Stored dataset items:

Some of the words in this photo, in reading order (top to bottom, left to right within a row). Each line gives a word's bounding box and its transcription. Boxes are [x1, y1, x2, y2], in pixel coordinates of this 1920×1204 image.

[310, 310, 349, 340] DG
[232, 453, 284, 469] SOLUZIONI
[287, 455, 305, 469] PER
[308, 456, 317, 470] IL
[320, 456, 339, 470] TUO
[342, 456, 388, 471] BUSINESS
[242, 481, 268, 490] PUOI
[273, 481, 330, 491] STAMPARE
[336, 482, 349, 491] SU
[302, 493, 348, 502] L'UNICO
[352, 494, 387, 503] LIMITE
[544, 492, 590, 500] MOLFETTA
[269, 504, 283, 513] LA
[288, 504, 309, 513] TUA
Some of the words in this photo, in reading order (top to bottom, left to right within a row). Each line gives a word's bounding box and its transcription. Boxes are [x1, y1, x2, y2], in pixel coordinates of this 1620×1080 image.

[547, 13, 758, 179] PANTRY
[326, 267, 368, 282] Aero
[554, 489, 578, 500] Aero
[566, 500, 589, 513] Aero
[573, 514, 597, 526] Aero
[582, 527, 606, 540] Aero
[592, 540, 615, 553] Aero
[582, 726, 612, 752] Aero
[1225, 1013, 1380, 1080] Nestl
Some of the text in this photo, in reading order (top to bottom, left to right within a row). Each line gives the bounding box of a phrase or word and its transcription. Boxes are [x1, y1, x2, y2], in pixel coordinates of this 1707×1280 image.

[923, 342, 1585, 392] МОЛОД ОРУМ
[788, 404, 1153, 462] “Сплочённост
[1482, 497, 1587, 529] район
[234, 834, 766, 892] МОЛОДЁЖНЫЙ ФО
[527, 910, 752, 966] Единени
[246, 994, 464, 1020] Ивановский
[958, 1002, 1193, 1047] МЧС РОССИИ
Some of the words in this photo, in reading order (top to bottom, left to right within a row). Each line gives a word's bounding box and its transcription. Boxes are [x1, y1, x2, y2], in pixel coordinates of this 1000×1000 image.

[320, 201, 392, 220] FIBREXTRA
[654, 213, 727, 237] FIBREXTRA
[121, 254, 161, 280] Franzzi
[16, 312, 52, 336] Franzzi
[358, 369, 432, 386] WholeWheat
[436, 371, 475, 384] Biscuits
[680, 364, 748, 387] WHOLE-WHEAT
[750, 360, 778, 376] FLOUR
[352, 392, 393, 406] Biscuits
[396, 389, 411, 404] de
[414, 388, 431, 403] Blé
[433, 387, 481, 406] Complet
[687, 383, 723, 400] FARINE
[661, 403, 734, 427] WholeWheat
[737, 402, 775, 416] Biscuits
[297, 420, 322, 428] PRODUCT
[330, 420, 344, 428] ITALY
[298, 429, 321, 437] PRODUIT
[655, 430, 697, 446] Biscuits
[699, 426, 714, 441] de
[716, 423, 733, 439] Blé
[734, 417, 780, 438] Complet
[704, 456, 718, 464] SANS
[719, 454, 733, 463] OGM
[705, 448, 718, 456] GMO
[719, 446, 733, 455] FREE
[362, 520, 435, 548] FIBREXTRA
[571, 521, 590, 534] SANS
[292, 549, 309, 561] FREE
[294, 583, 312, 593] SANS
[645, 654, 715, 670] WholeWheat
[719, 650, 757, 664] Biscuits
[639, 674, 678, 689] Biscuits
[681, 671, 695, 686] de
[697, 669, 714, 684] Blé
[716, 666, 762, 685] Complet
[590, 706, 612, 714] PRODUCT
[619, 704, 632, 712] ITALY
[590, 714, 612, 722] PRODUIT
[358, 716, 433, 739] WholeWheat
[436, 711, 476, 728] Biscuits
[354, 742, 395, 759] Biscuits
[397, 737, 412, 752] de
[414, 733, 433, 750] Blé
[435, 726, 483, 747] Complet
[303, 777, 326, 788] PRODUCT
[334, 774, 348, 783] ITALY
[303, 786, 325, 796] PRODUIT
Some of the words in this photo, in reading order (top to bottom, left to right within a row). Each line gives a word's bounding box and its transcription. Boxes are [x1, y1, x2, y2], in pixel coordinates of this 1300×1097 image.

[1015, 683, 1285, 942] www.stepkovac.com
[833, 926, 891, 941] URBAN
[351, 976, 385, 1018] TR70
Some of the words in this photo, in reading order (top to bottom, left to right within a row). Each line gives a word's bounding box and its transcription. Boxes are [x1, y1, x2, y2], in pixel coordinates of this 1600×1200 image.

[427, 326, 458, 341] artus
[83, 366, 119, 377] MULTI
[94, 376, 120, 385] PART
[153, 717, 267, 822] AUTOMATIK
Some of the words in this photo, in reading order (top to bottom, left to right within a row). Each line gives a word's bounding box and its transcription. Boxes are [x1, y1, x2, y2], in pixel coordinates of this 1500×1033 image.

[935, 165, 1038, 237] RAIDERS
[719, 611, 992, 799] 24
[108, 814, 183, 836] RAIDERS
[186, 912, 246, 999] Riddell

= Instructions for the task =
Once more, write out the entries exactly as they were written.

= Result of this exercise =
Some of the words in this photo, in reading order (top to bottom, left to right within a row). Each line gives a word's bounding box and its transcription. Boxes are [x1, y1, x2, y2], in pixel coordinates of this 1920×1204 image.

[310, 310, 349, 340] DG
[232, 453, 284, 469] SOLUZIONI
[287, 455, 305, 469] PER
[308, 456, 317, 470] IL
[320, 456, 339, 470] TUO
[342, 456, 388, 471] BUSINESS
[242, 481, 268, 490] PUOI
[273, 481, 330, 491] STAMPARE
[336, 482, 349, 491] SU
[302, 493, 348, 502] L'UNICO
[352, 494, 387, 503] LIMITE
[544, 492, 590, 500] MOLFETTA
[269, 504, 283, 513] LA
[288, 504, 309, 513] TUA
Some of the words in this photo, in reading order (top to bottom, left to right within a row). Each line gives a word's bounding box and its transcription. Boxes are [x1, y1, x2, y2], in pixel coordinates of this 1620×1080 image.

[547, 13, 758, 179] PANTRY
[326, 267, 368, 282] Aero
[554, 489, 578, 500] Aero
[566, 500, 589, 513] Aero
[573, 514, 597, 526] Aero
[582, 527, 606, 540] Aero
[592, 540, 615, 553] Aero
[582, 726, 612, 752] Aero
[1225, 1013, 1380, 1080] Nestl
Some of the text in this photo, in reading order (top to bottom, left to right within a row). Each line gives the bounding box of a phrase or word and its transcription. Boxes are [x1, y1, x2, y2], in pixel coordinates of this 1707×1280 image.

[923, 342, 1585, 392] МОЛОД ОРУМ
[788, 404, 1153, 462] “Сплочённост
[1482, 497, 1587, 529] район
[234, 834, 766, 892] МОЛОДЁЖНЫЙ ФО
[527, 910, 752, 966] Единени
[246, 994, 464, 1020] Ивановский
[958, 1002, 1193, 1047] МЧС РОССИИ
Some of the words in this photo, in reading order (top to bottom, left to right within a row). Each line gives a word's bounding box and its transcription. Boxes are [x1, y1, x2, y2], in pixel coordinates of this 1000×1000 image.

[320, 201, 392, 220] FIBREXTRA
[654, 213, 727, 237] FIBREXTRA
[121, 254, 161, 280] Franzzi
[16, 312, 52, 336] Franzzi
[358, 369, 432, 386] WholeWheat
[436, 371, 475, 384] Biscuits
[680, 364, 748, 387] WHOLE-WHEAT
[750, 360, 778, 376] FLOUR
[352, 392, 393, 406] Biscuits
[396, 389, 411, 404] de
[414, 388, 431, 403] Blé
[433, 387, 481, 406] Complet
[687, 383, 723, 400] FARINE
[661, 403, 734, 427] WholeWheat
[737, 402, 775, 416] Biscuits
[297, 420, 322, 428] PRODUCT
[330, 420, 344, 428] ITALY
[298, 429, 321, 437] PRODUIT
[655, 430, 697, 446] Biscuits
[699, 426, 714, 441] de
[716, 423, 733, 439] Blé
[734, 417, 780, 438] Complet
[704, 456, 718, 464] SANS
[719, 454, 733, 463] OGM
[705, 448, 718, 456] GMO
[719, 446, 733, 455] FREE
[362, 520, 435, 548] FIBREXTRA
[571, 521, 590, 534] SANS
[292, 549, 309, 561] FREE
[294, 583, 312, 593] SANS
[645, 654, 715, 670] WholeWheat
[719, 650, 757, 664] Biscuits
[639, 674, 678, 689] Biscuits
[681, 671, 695, 686] de
[697, 669, 714, 684] Blé
[716, 666, 762, 685] Complet
[590, 706, 612, 714] PRODUCT
[619, 704, 632, 712] ITALY
[590, 714, 612, 722] PRODUIT
[358, 716, 433, 739] WholeWheat
[436, 711, 476, 728] Biscuits
[354, 742, 395, 759] Biscuits
[397, 737, 412, 752] de
[414, 733, 433, 750] Blé
[435, 726, 483, 747] Complet
[303, 777, 326, 788] PRODUCT
[334, 774, 348, 783] ITALY
[303, 786, 325, 796] PRODUIT
Some of the words in this photo, in reading order (top to bottom, left to right within a row). Each line gives a word's bounding box and its transcription. Boxes are [x1, y1, x2, y2], in pixel coordinates of this 1300×1097 image.

[1015, 683, 1285, 942] www.stepkovac.com
[833, 926, 891, 941] URBAN
[351, 976, 385, 1018] TR70
Some of the words in this photo, in reading order (top to bottom, left to right within a row). Each line gives a word's bounding box and its transcription. Boxes are [x1, y1, x2, y2], in pixel coordinates of this 1600×1200 image.

[427, 326, 458, 341] artus
[83, 366, 119, 377] MULTI
[94, 376, 120, 385] PART
[153, 717, 267, 822] AUTOMATIK
Some of the words in this photo, in reading order (top to bottom, left to right within a row). Each line gives a word's bounding box and its transcription. Boxes are [x1, y1, x2, y2], in pixel coordinates of this 1500×1033 image.

[935, 165, 1038, 237] RAIDERS
[719, 611, 992, 799] 24
[108, 814, 183, 836] RAIDERS
[186, 912, 246, 999] Riddell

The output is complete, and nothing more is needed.